■ BRIEF ■
With nothing added and nothing dropped, write out all of the entries below.

■ Referring expression grounding data ■
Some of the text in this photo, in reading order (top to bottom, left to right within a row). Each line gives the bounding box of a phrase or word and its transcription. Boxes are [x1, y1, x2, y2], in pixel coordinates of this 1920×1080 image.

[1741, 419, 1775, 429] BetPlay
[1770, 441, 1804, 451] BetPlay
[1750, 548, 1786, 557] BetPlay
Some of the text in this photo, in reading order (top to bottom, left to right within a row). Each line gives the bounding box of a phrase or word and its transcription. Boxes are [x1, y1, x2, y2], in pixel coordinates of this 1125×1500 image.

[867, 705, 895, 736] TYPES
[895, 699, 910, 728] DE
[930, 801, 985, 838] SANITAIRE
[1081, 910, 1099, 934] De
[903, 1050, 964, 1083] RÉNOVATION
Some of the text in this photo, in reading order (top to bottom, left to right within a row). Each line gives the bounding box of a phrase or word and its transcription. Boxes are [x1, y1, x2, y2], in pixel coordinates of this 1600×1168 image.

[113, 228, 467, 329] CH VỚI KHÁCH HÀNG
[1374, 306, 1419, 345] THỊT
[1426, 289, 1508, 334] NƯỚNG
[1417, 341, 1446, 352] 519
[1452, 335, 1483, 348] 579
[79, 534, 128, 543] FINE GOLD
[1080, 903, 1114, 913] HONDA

■ YOUR SOLUTION ■
Some of the text in this photo, in reading order (top to bottom, left to right within a row). Each line gives the bounding box of a phrase or word and its transcription. Boxes are [x1, y1, x2, y2], in pixel coordinates of this 1920×1080 image.

[1741, 419, 1775, 429] BetPlay
[1770, 441, 1804, 451] BetPlay
[1750, 548, 1786, 557] BetPlay
Some of the text in this photo, in reading order (top to bottom, left to right within a row). Each line gives the bounding box of a phrase or word and its transcription. Boxes are [x1, y1, x2, y2], in pixel coordinates of this 1125×1500 image.

[867, 705, 895, 736] TYPES
[895, 699, 910, 728] DE
[930, 801, 985, 838] SANITAIRE
[1081, 910, 1099, 934] De
[903, 1050, 964, 1083] RÉNOVATION
Some of the text in this photo, in reading order (top to bottom, left to right within a row). Each line gives the bounding box of a phrase or word and its transcription. Boxes are [x1, y1, x2, y2], in pixel coordinates of this 1600×1168 image.

[113, 228, 467, 329] CH VỚI KHÁCH HÀNG
[1374, 306, 1419, 345] THỊT
[1426, 289, 1508, 334] NƯỚNG
[1417, 341, 1446, 352] 519
[1452, 335, 1483, 348] 579
[79, 534, 128, 543] FINE GOLD
[1080, 903, 1114, 913] HONDA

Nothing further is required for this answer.